RECORD EXTRACTS:
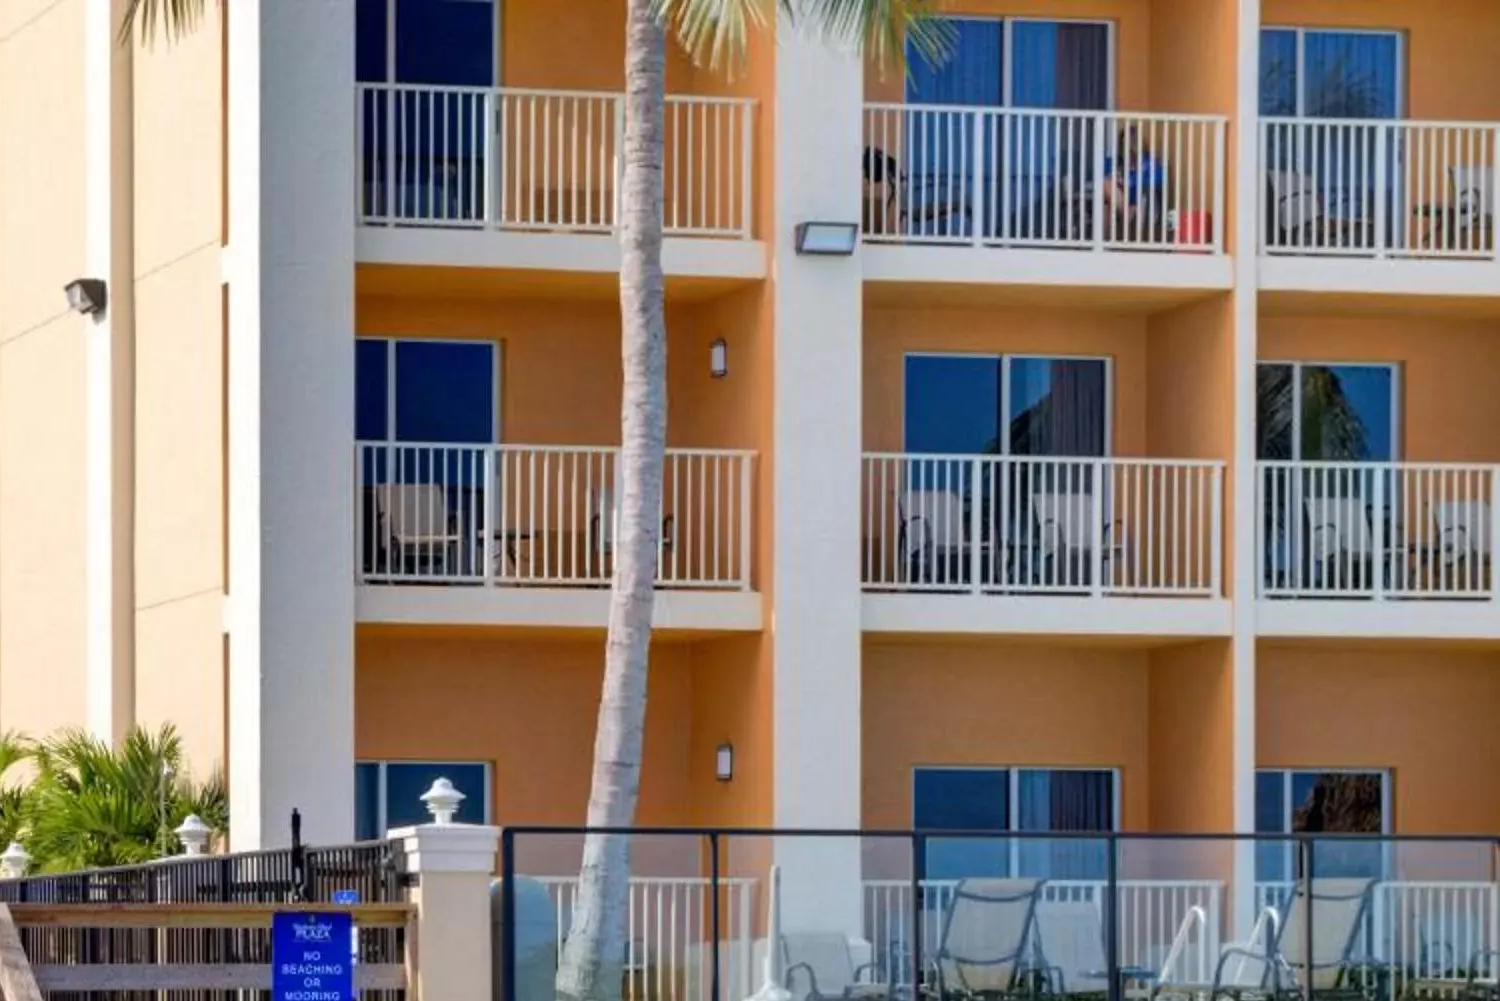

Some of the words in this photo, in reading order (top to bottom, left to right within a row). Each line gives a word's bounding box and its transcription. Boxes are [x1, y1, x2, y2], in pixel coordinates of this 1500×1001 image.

[303, 951, 321, 961] NO
[281, 964, 342, 975] BEACHING
[303, 977, 321, 988] OR
[284, 991, 341, 1001] MOORING
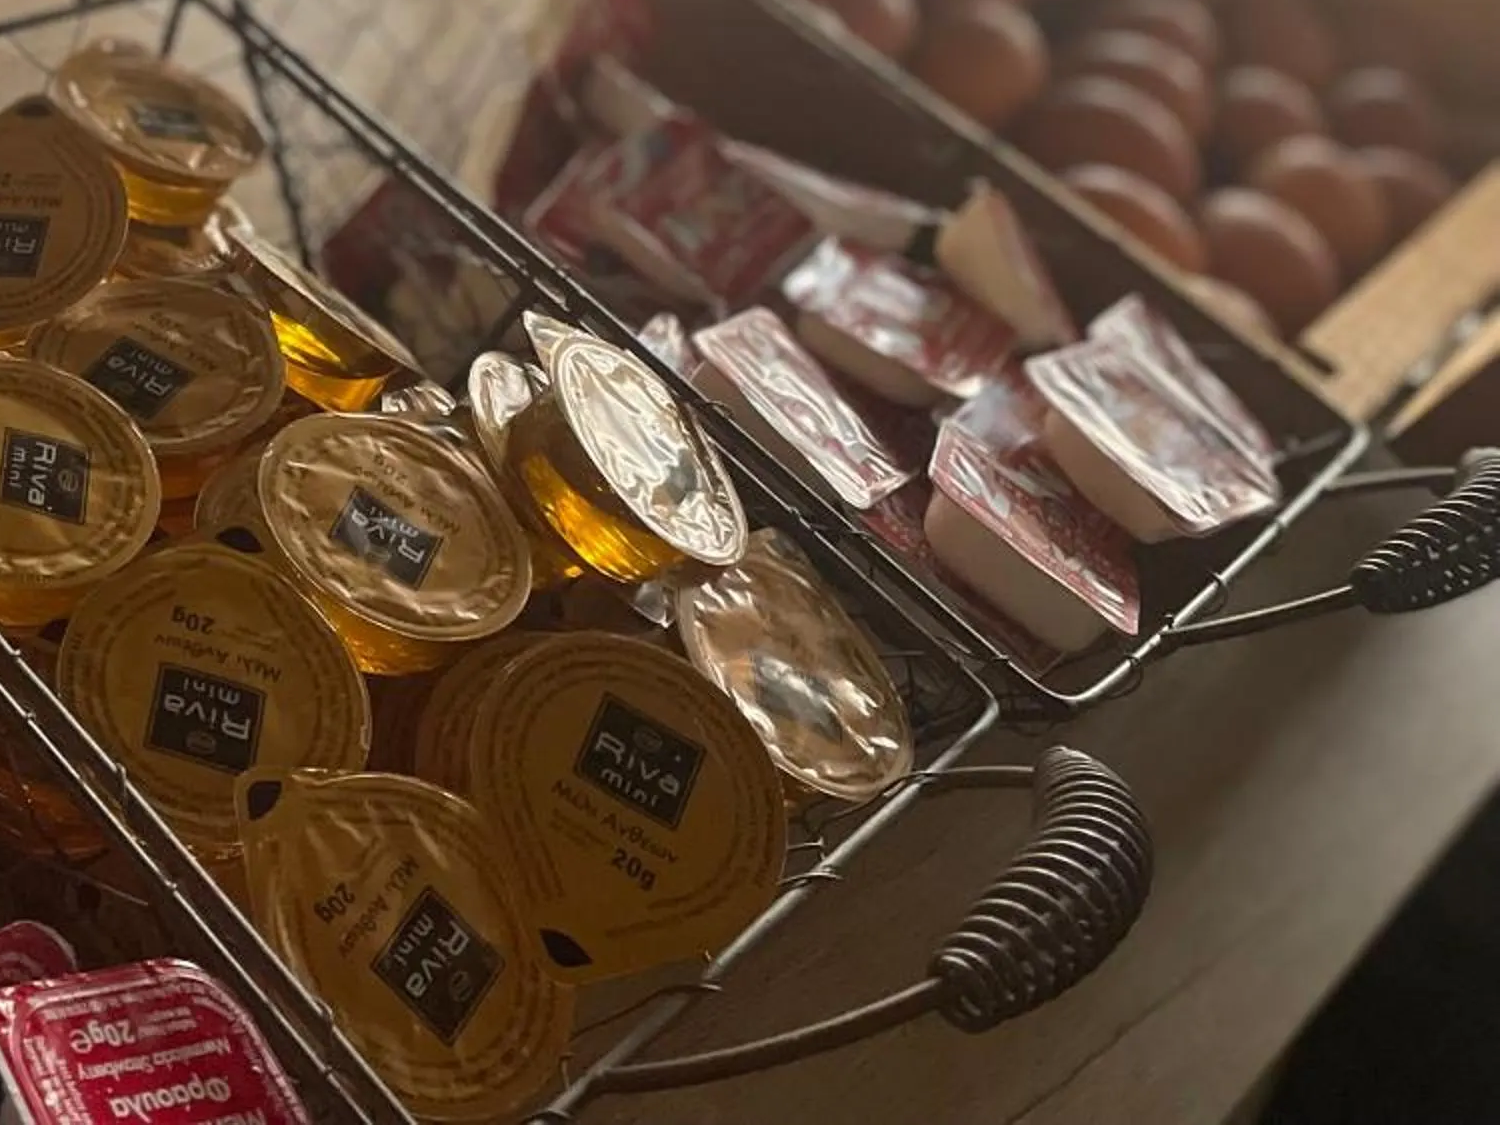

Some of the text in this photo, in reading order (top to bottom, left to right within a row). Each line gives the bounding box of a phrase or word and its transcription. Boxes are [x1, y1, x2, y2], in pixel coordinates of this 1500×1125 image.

[106, 355, 174, 396] Riva
[8, 445, 26, 488] mini
[27, 441, 57, 506] Riva
[351, 508, 425, 564] Riva
[171, 605, 216, 635] 20g
[183, 677, 241, 705] mini
[163, 693, 251, 740] Riva
[593, 731, 680, 797] Riva
[600, 767, 659, 808] mini
[611, 847, 657, 892] 20g
[313, 882, 356, 924] 20g
[393, 913, 435, 967] mini
[404, 919, 470, 998] Riva
[109, 1071, 232, 1124] Φράουλα

WHAT THIS TASK INVOLVES:
Every line above needs to be written out again as it stands. Pictures do not belong in the copy.

YOUR SOLUTION:
Some of the words in this photo, in reading order (top to bottom, left to right within a row). Each line gives a word's bounding box and its transcription. Boxes are [x1, y1, x2, y2], in pixel coordinates of this 1500×1001 image.

[303, 951, 321, 961] NO
[281, 964, 342, 975] BEACHING
[303, 977, 321, 988] OR
[284, 991, 341, 1001] MOORING

Some of the text in this photo, in reading order (top to bottom, left to right within a row). Each line gives the bounding box of a phrase or word and its transcription. Boxes are [x1, y1, x2, y2], in pixel coordinates of this 1500×1125 image.

[106, 355, 174, 396] Riva
[8, 445, 26, 488] mini
[27, 441, 57, 506] Riva
[351, 508, 425, 564] Riva
[171, 605, 216, 635] 20g
[183, 677, 241, 705] mini
[163, 693, 251, 740] Riva
[593, 731, 680, 797] Riva
[600, 767, 659, 808] mini
[611, 847, 657, 892] 20g
[313, 882, 356, 924] 20g
[393, 913, 435, 967] mini
[404, 919, 470, 998] Riva
[109, 1071, 232, 1124] Φράουλα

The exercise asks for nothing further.